The data:

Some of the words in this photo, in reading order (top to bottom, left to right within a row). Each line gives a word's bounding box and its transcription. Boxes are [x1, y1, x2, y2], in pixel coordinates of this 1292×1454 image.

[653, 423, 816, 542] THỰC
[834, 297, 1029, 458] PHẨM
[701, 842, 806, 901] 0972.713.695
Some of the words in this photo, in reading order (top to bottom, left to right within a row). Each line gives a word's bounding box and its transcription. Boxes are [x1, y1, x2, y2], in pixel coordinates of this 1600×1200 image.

...

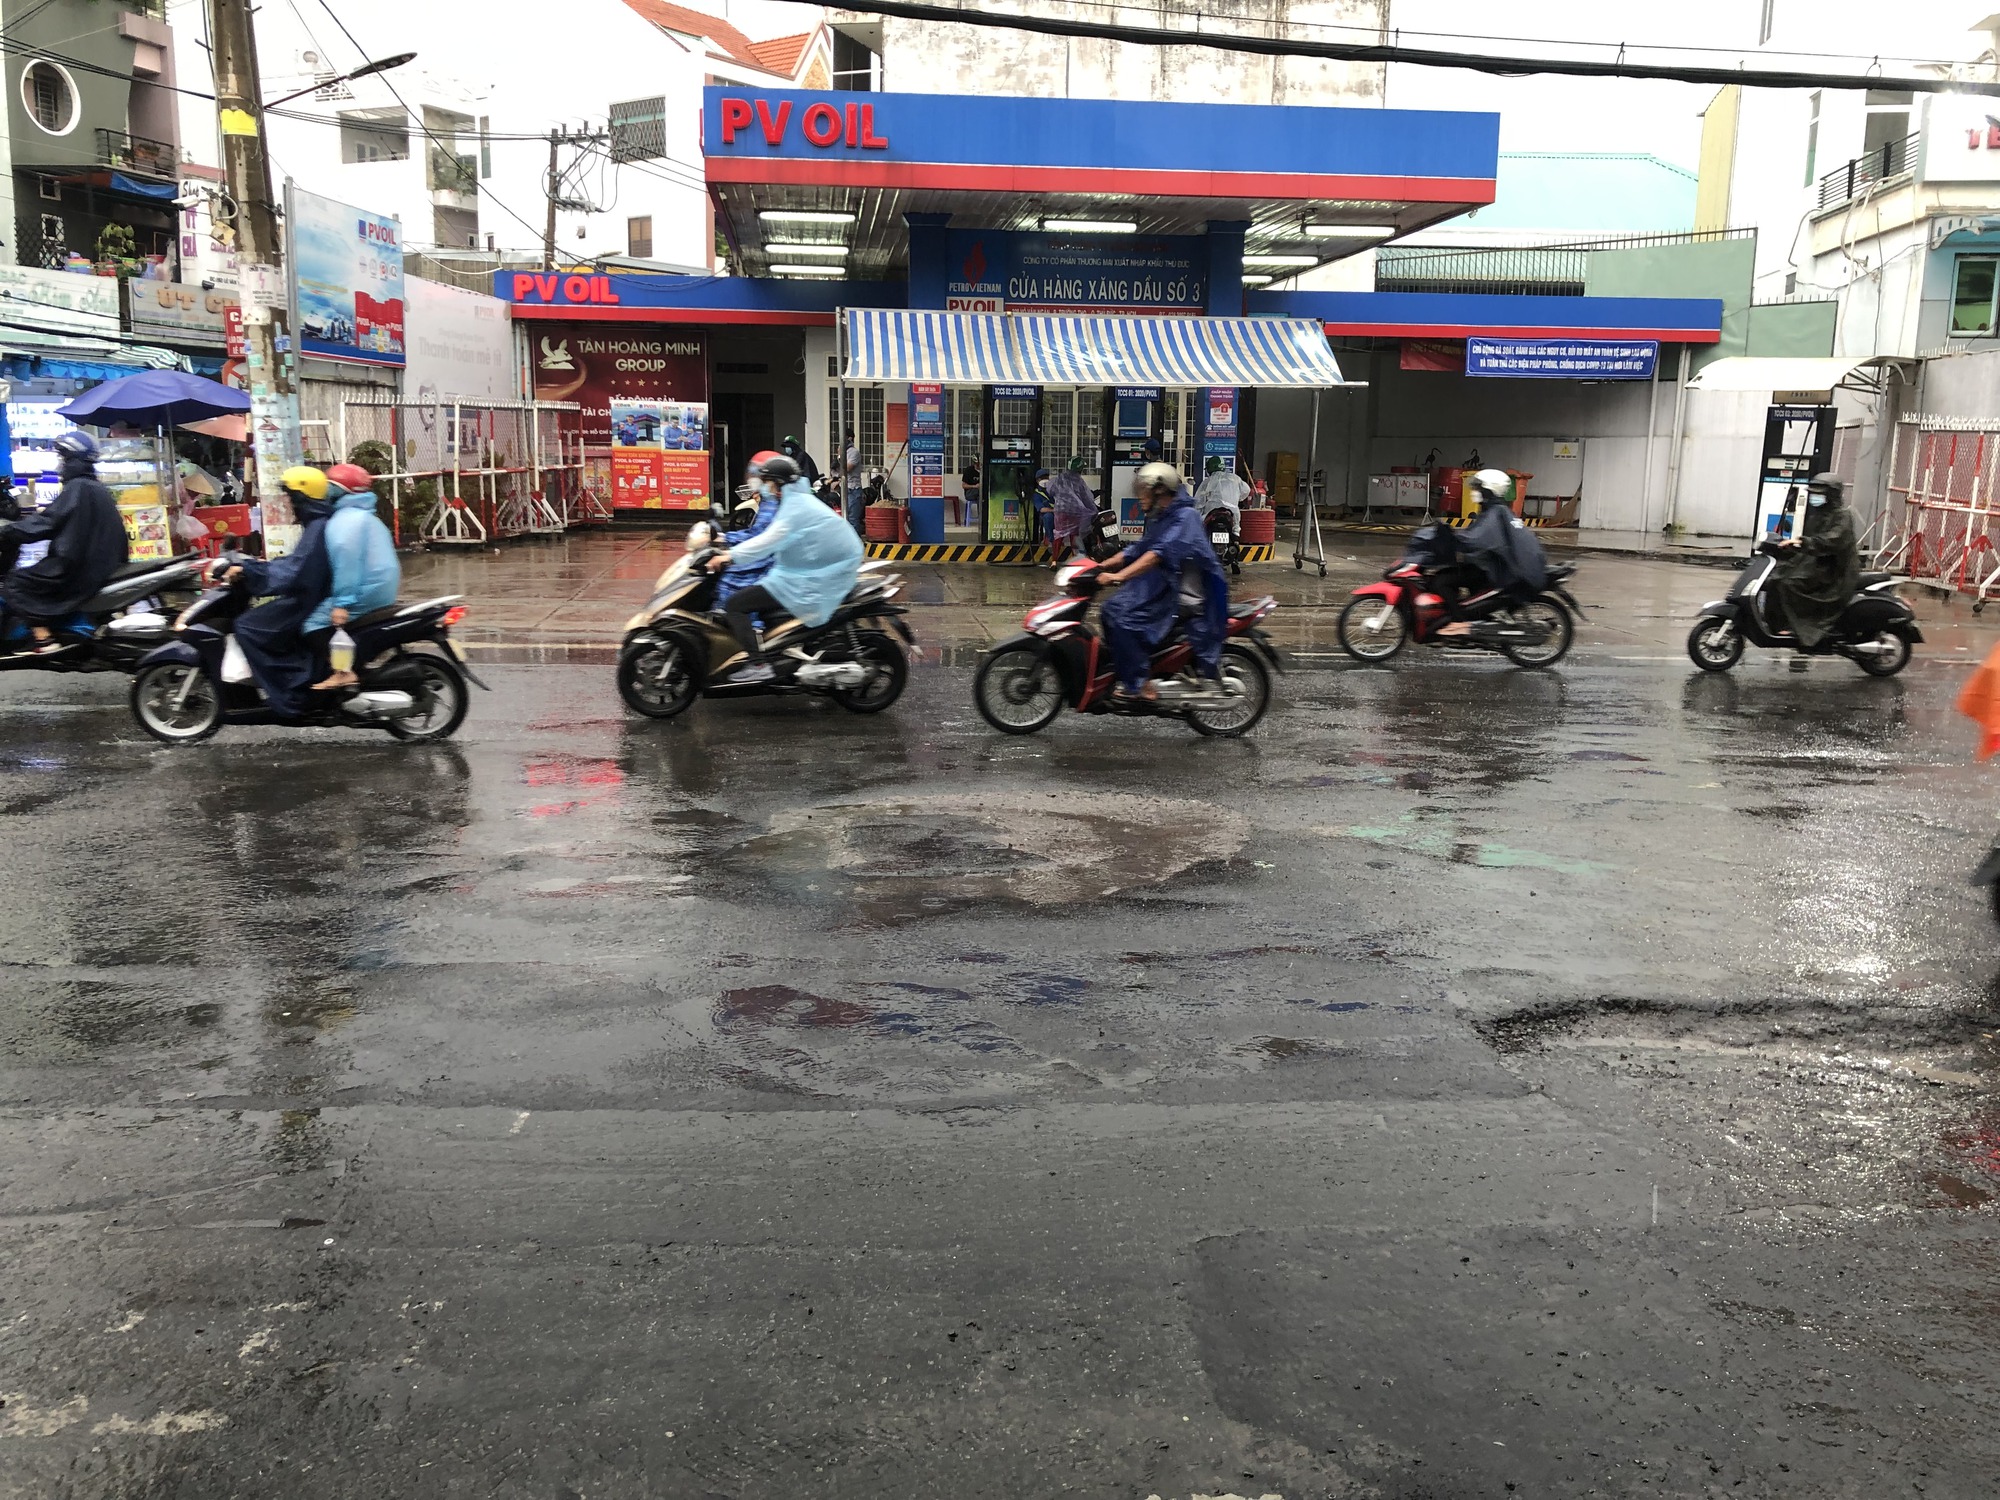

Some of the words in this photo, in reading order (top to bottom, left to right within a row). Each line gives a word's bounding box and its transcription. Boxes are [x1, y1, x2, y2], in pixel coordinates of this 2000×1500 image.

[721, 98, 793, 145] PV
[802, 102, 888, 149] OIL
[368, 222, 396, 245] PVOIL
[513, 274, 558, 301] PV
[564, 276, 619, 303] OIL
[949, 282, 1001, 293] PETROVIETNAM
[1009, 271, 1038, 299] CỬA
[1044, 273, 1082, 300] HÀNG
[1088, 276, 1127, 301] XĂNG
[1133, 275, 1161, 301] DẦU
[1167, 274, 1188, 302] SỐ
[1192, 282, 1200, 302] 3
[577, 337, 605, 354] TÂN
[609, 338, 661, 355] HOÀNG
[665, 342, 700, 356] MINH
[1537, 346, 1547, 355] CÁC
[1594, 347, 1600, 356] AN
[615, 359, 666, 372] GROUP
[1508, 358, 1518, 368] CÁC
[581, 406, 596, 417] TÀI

...

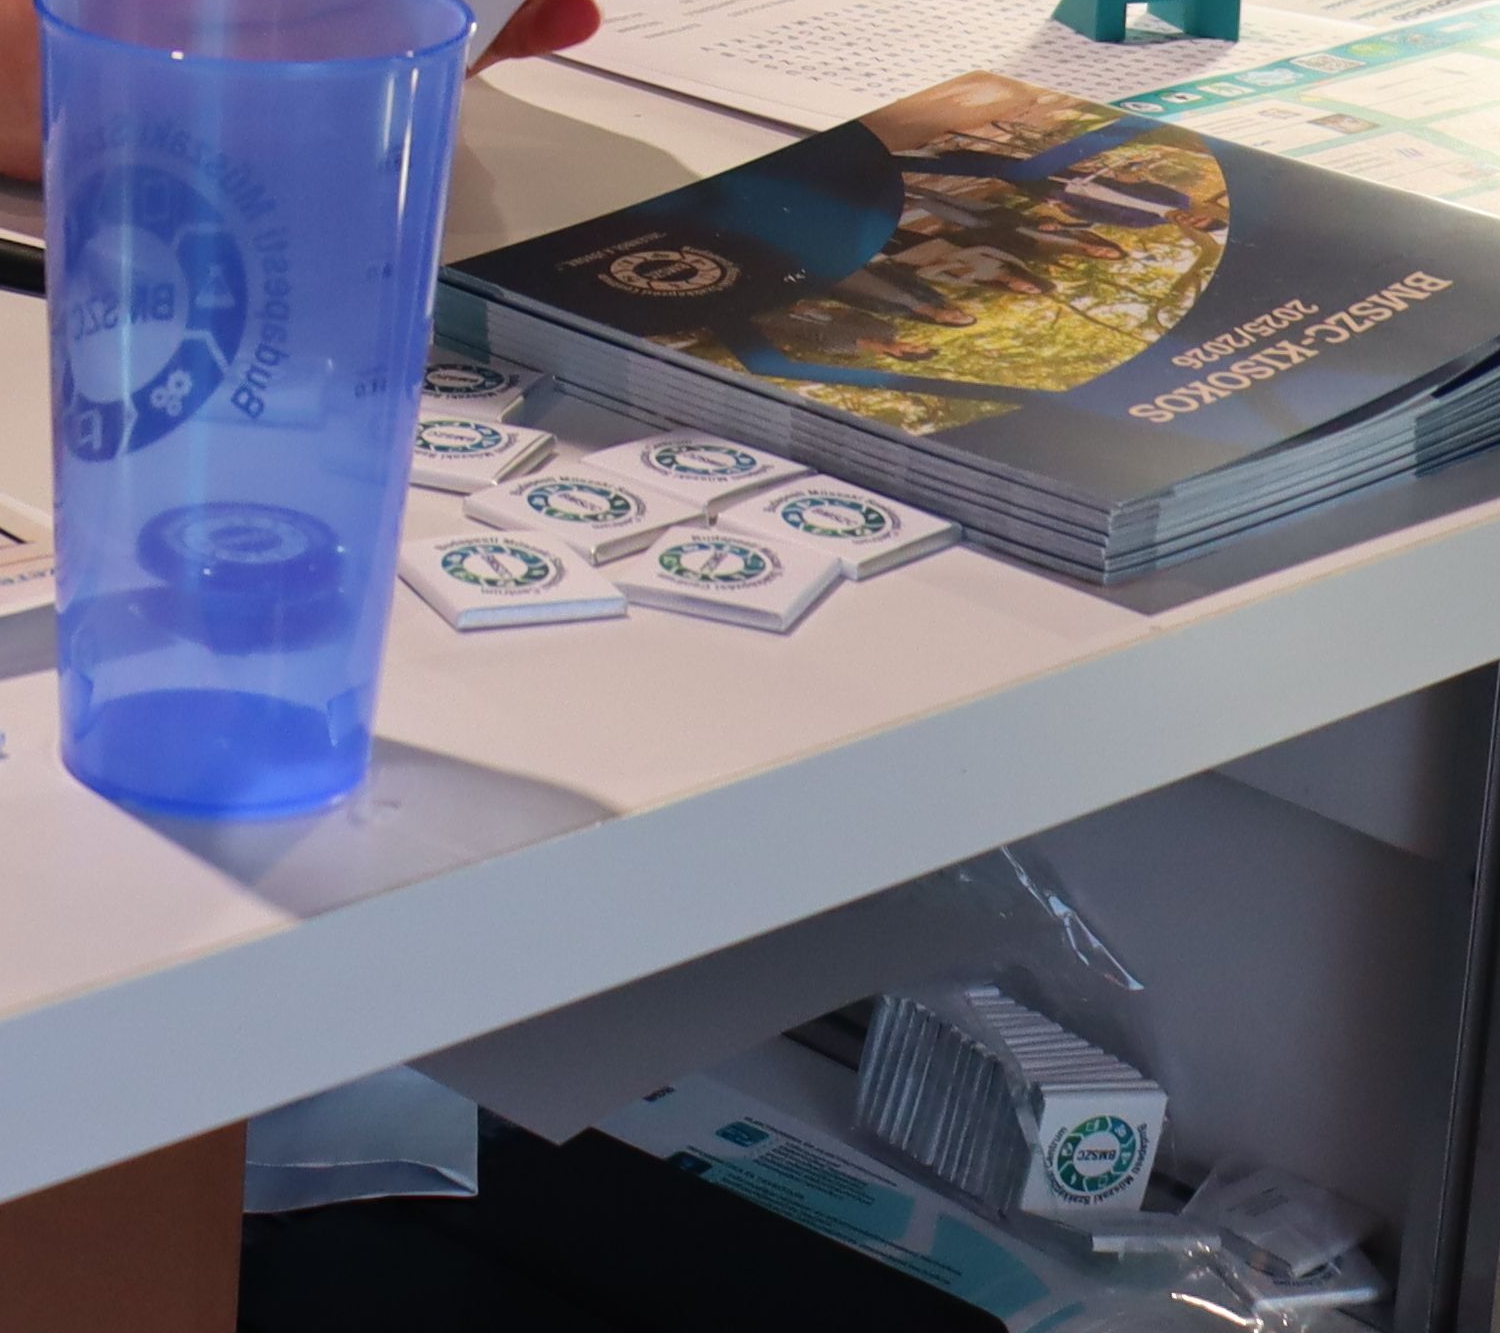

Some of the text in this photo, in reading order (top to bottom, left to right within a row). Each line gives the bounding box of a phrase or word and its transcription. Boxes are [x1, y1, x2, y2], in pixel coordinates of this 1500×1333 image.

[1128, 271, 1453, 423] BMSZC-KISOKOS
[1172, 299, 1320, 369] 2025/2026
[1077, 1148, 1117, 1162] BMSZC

What you are asked to do:
All that is wanted is a faithful reproduction of the line above with "this 1292×1454 image.", the line with "this 1600×1200 image.", and every line in between.

Result for this task:
Some of the words in this photo, in reading order (top to bottom, left to right within a row). Each line gives a word's bounding box and its transcription. Boxes are [x1, y1, x2, y2], in pixel coordinates of this 1292×1454 image.

[653, 423, 816, 542] THỰC
[834, 297, 1029, 458] PHẨM
[701, 842, 806, 901] 0972.713.695
Some of the words in this photo, in reading order (top to bottom, left to right within a row). Each line gives a word's bounding box and its transcription. Boxes are [x1, y1, x2, y2], in pixel coordinates of this 1600×1200 image.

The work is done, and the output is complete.